AuthentiCare to Acumen: What Oklahoma's EVV Transition Means for Your Revenue Cycle
Oklahoma removed its live-in caregiver EVV exemption and is switching from AuthentiCare to Acumen in 2026. Here's what providers need to know.
Oklahoma providers have been navigating EVV compliance since 2020. In late 2025, the rules tightened. In 2026, the entire system changes. Agencies that aren't paying attention to both developments are carrying more billing risk than they realize.
What Changed in October 2025
Since EVV was first implemented for DDS HTS services in 2020, Oklahoma had maintained a live-in caregiver exemption — allowing caregivers who lived with the member to skip EVV requirements. That exemption ended October 1, 2025.

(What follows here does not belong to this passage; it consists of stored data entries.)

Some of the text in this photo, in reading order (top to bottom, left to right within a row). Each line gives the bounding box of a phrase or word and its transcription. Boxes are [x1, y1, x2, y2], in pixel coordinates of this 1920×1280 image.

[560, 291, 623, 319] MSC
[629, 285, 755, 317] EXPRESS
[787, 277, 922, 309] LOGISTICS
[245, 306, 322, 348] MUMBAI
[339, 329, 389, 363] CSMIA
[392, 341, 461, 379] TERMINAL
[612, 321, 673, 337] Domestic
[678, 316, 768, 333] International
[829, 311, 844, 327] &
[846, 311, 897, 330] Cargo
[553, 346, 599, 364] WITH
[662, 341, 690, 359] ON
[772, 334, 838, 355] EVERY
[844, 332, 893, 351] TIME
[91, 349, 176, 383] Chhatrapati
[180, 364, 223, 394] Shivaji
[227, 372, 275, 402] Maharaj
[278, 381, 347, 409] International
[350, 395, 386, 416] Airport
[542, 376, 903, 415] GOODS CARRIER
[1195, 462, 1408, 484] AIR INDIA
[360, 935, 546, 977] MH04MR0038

The impact is significant for DDS providers in particular. Any non-residential HTS service — including self-directed models — now requires EVV regardless of whether the caregiver lives with the member. OKDHS was explicit on one additional point: manual entries are not EVV compliant. Compliant clock-ins must come from the AuthentiCare app or a landline telephone. There is no workaround.
OHCA has set a 90% compliance threshold. That means nine out of every ten visits need to be electronically verified. Agencies with staff who have relied on manual entry as a routine practice — or those who assumed the live-in exemption still applied after October 1 — are likely falling short of that benchmark right now.

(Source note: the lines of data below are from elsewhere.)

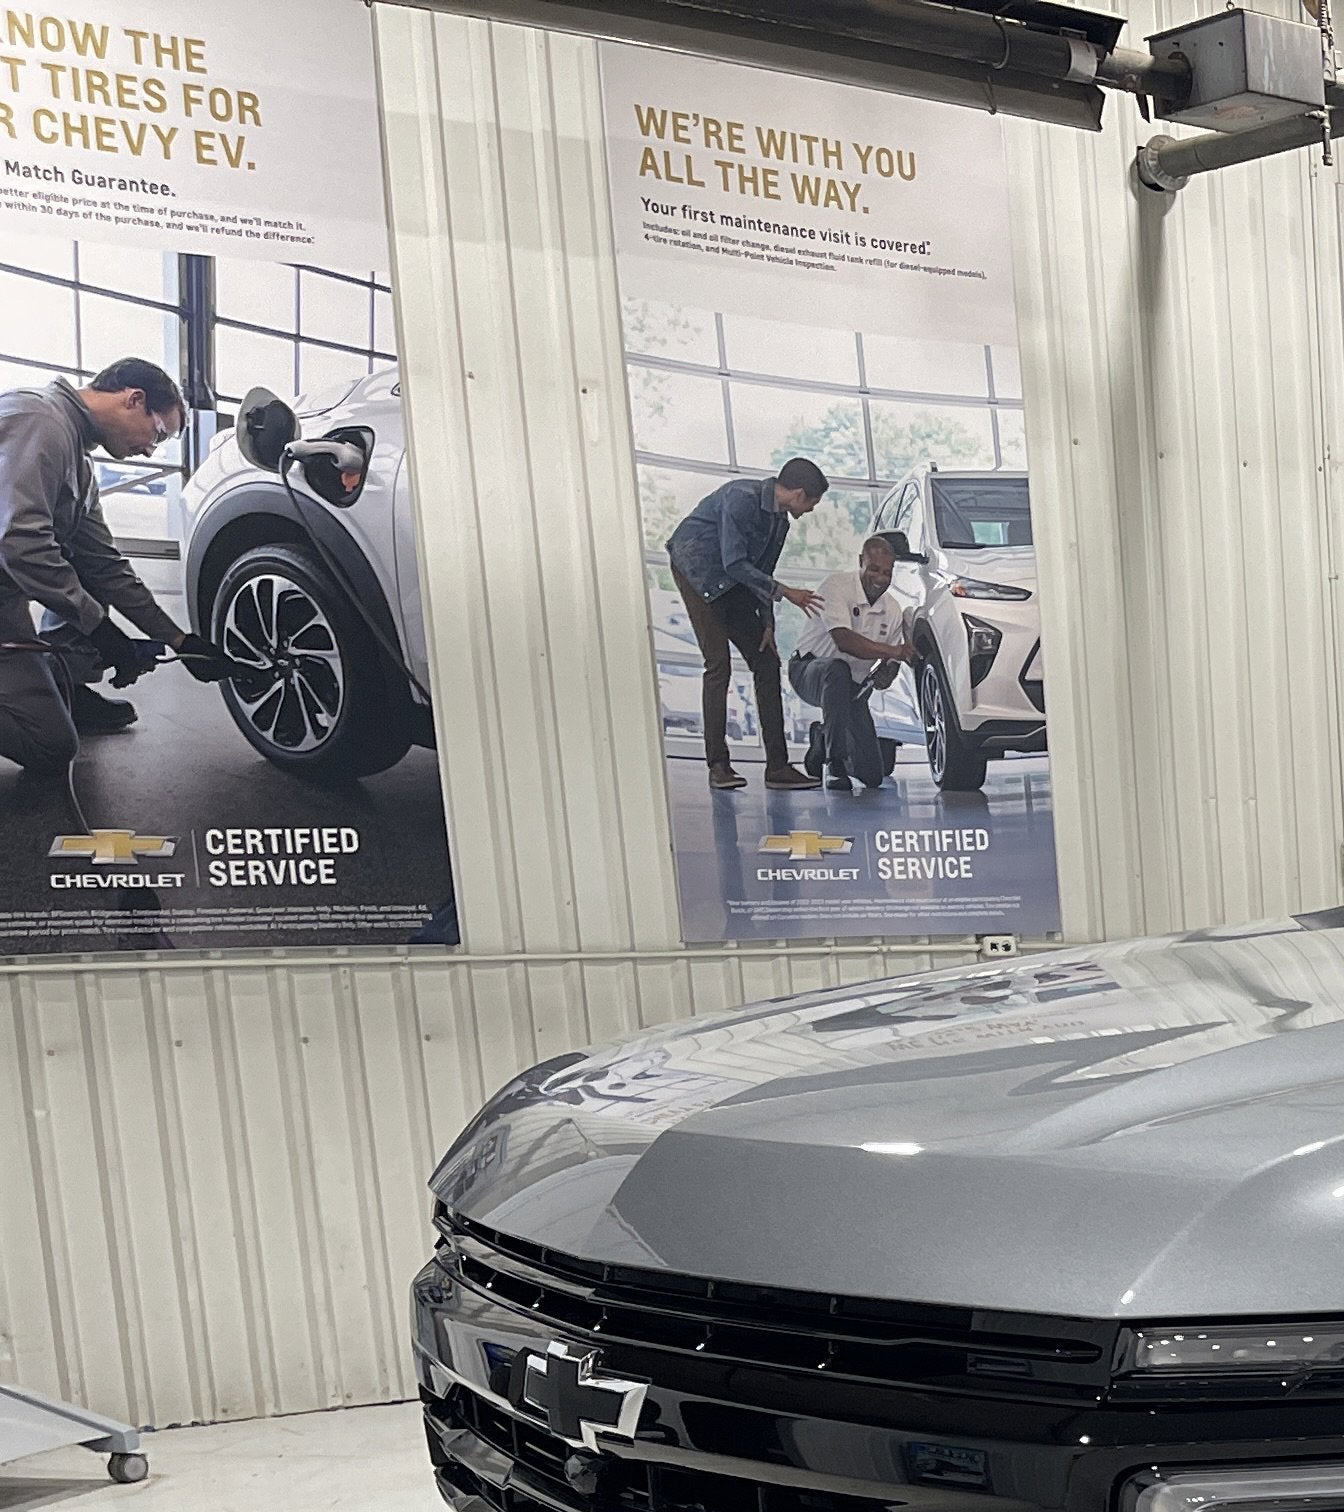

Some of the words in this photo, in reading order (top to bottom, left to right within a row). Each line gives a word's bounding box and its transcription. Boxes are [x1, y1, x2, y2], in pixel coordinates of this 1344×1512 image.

[0, 10, 110, 60] NOW
[124, 29, 207, 74] THE
[41, 62, 166, 113] TIRES
[182, 84, 262, 127] FOR
[32, 108, 178, 160] CHEVY
[194, 130, 256, 170] EV.
[633, 104, 746, 154] WE'RE
[755, 126, 843, 171] WITH
[852, 143, 918, 182] YOU
[5, 160, 65, 183] Match
[71, 169, 176, 197] Guarantee.
[639, 147, 705, 188] ALL
[713, 159, 781, 200] THE
[791, 174, 870, 214] WAY.
[5, 201, 37, 212] within
[40, 205, 53, 214] 30
[56, 208, 80, 219] days
[82, 211, 93, 220] of
[96, 212, 112, 222] the
[114, 214, 164, 229] purchase,
[166, 221, 184, 230] and
[210, 226, 242, 237] refund
[245, 230, 261, 238] the
[32, 191, 69, 204] eligible
[72, 197, 97, 208] price
[101, 201, 111, 209] at
[114, 202, 130, 212] the
[133, 204, 154, 214] time
[158, 207, 168, 216] of
[170, 209, 218, 223] purchase,
[220, 214, 237, 224] and
[264, 220, 294, 230] match
[641, 197, 678, 217] Your
[681, 204, 716, 224] first
[720, 214, 816, 240] maintenance
[819, 228, 851, 246] visit
[854, 232, 867, 248] is
[205, 827, 359, 855] CERTIFIED
[875, 829, 989, 853] CERTIFIED
[50, 873, 185, 889] CHEVROLET
[208, 859, 337, 887] SERVICE
[757, 868, 860, 881] CHEVROLET
[878, 857, 972, 880] SERVICE

The Acumen Transition Is Coming Fall 2026
Oklahoma has awarded the contract for its next-generation EVV system to Acumen Fiscal Agent, LLC. (powered by DCI). The transition from AuthentiCare is expected Fall 2026. Acumen will serve as both the state-sponsored EVV system and the EVV data aggregator — replacing AuthentiCare in both roles.

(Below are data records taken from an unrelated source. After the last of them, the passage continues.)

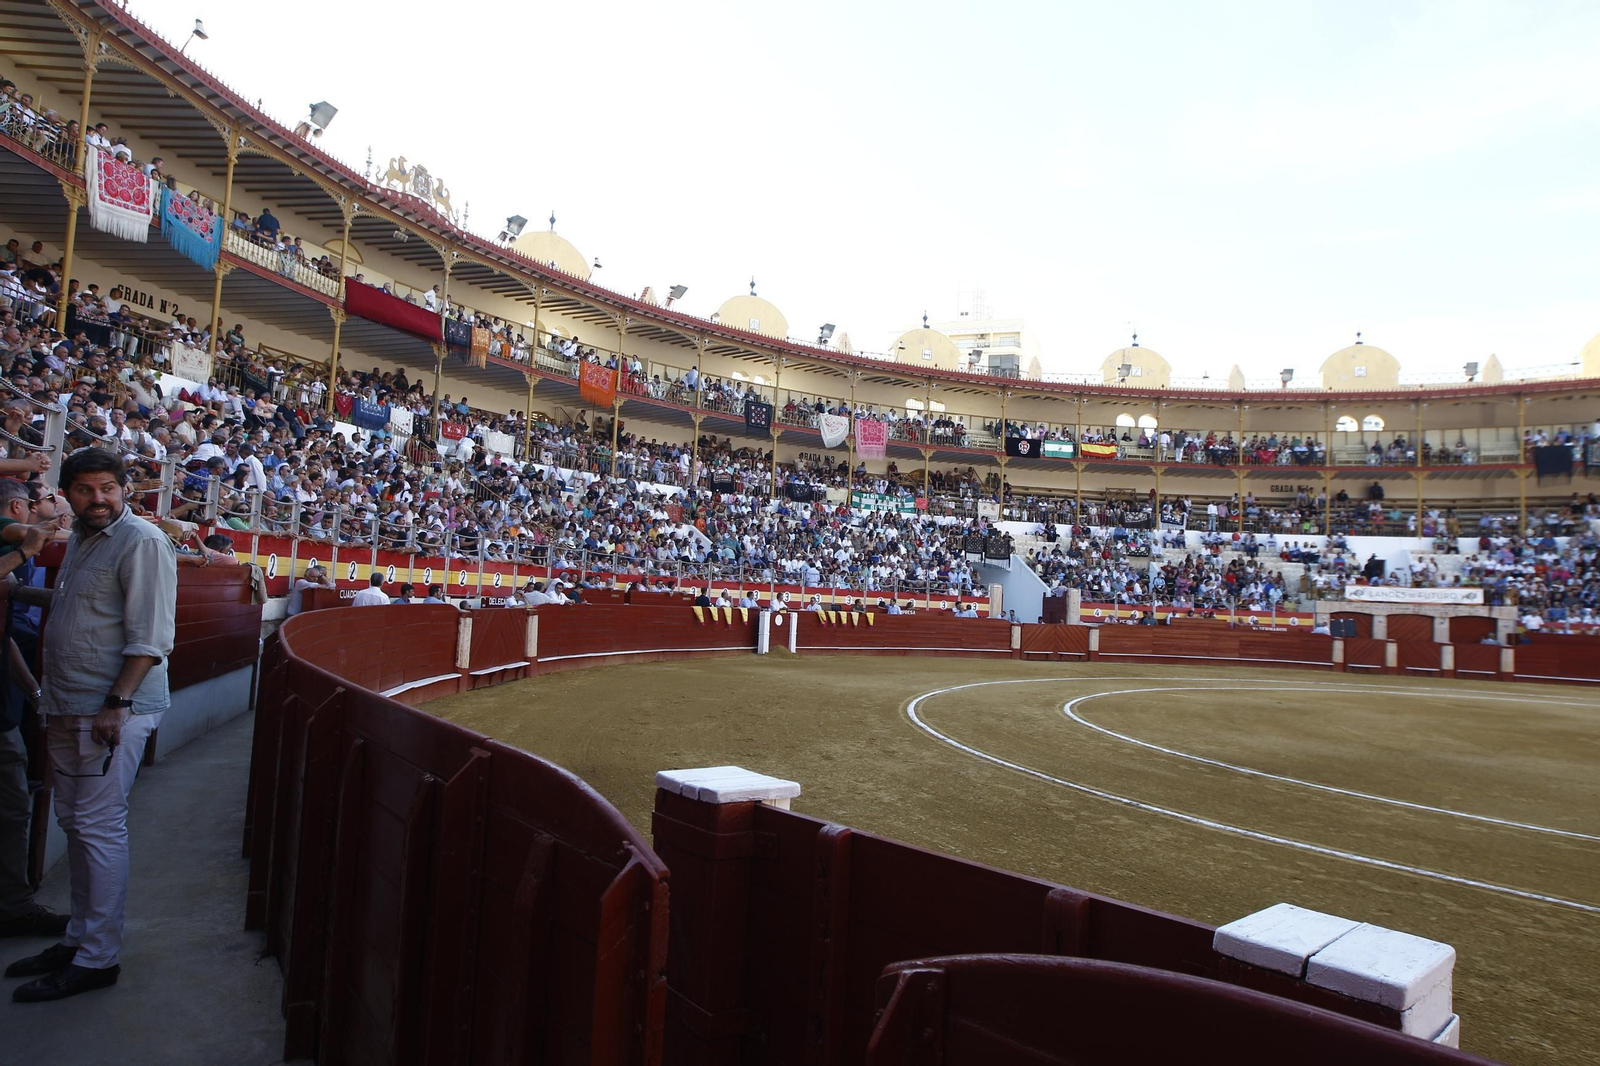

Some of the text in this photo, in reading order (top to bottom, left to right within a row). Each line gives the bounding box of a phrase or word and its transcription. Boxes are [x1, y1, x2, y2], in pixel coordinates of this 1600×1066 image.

[117, 284, 154, 309] GRADA
[268, 555, 276, 577] 2
[349, 562, 357, 580] 2
[388, 566, 395, 583] 2
[424, 568, 431, 584] 2
[460, 570, 466, 586] 2
[494, 573, 501, 587] 2
[784, 592, 790, 602] 3
[846, 596, 852, 605] 3
[1369, 591, 1407, 599] LANCES
[1418, 592, 1458, 600] FUTURO
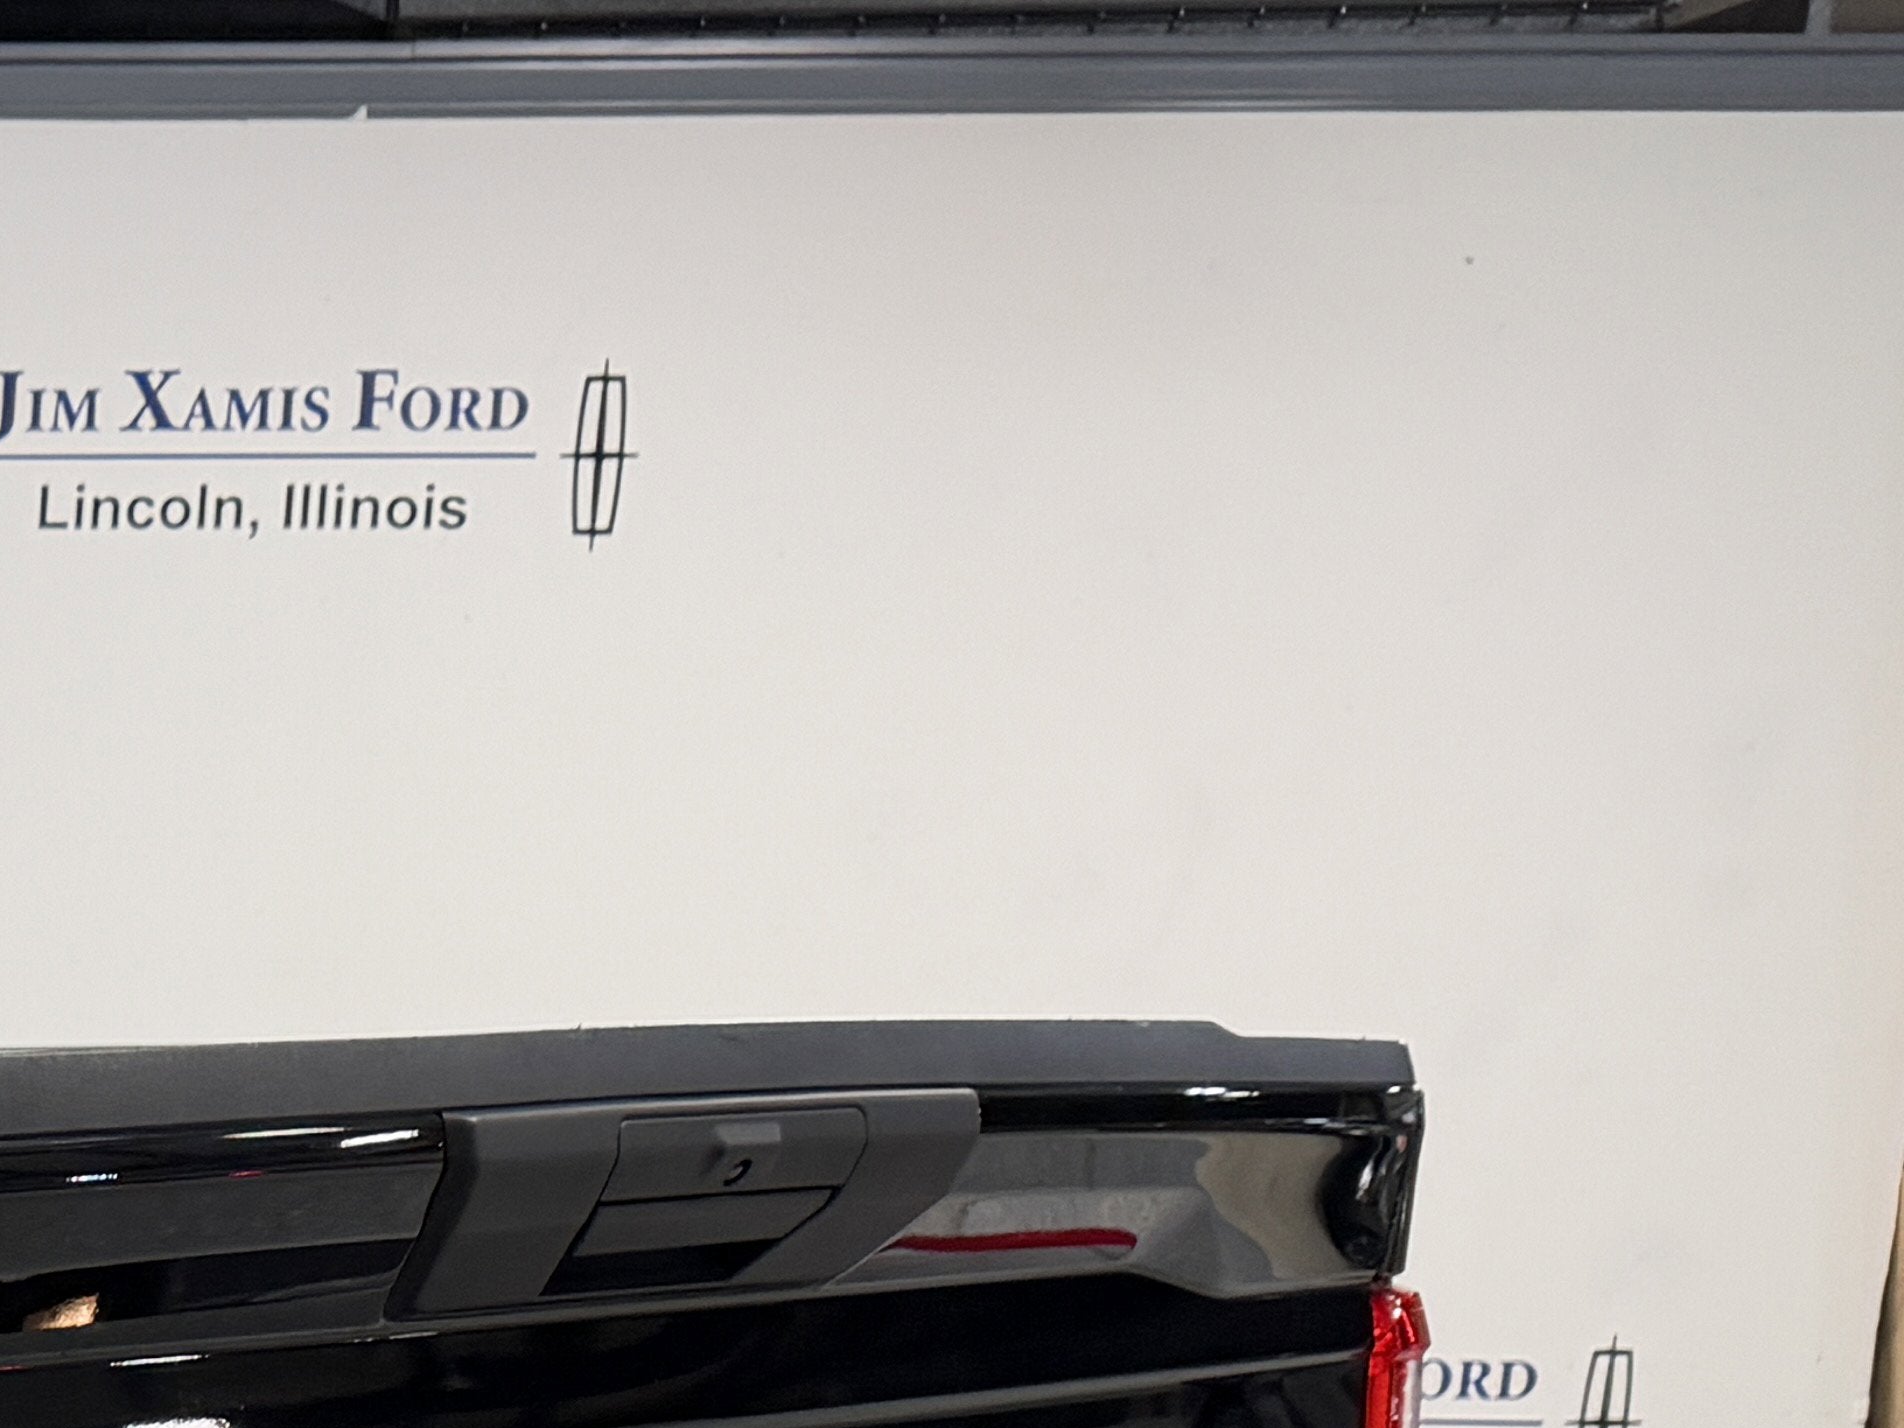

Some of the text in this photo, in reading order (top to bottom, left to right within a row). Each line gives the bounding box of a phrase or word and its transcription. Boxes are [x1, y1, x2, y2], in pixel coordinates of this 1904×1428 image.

[119, 367, 330, 432] XAMIS
[354, 368, 530, 432] FORD
[37, 482, 469, 539] Lincoln, Illinois

For providers, this is the second major EVV system transition in recent years, and it requires the same preparation as the first: staff retraining, caregiver app rollout, integration verification, and confirmation that visit data is flowing correctly into the new aggregator before the old system goes dark.
The timing creates a specific risk window. Providers who are still getting their AuthentiCare compliance to 90% while simultaneously planning for Acumen are managing two operational tracks at once. Agencies that delay Acumen preparation until late 2026 will be doing emergency implementation under live enforcement conditions.
The Claim Denial Mechanism
Oklahoma's SoonerCare policy is clear on consequences: claims won't be paid unless the EVV data comes from an OHCA-authorized system and includes all six required data elements. There is no soft enforcement period here — the denial is automatic, and paid claims can be subject to retrospective review and recoupment if EVV records don't hold up under audit.
For managed care members, the same standard applies. Oklahoma Complete Health and other SoonerCare MCOs contract with OHCA's specified EVV vendor and interface daily with AuthentiCare — meaning MCO claims are running through the same EVV verification as FFS.
What Providers Should Do Now
Pull your current AuthentiCare compliance rate. If you're below 90%, identify which staff and service types are driving the gap — and eliminate manual entries as a routine practice before those visits turn into denials. Begin Acumen onboarding planning now so you're not scrambling when the Fall 2026 transition goes live.
Oklahoma's EVV enforcement environment rewards agencies that treat compliance as a billing prerequisite rather than an administrative checkbox. The transition window is an opportunity to reset both.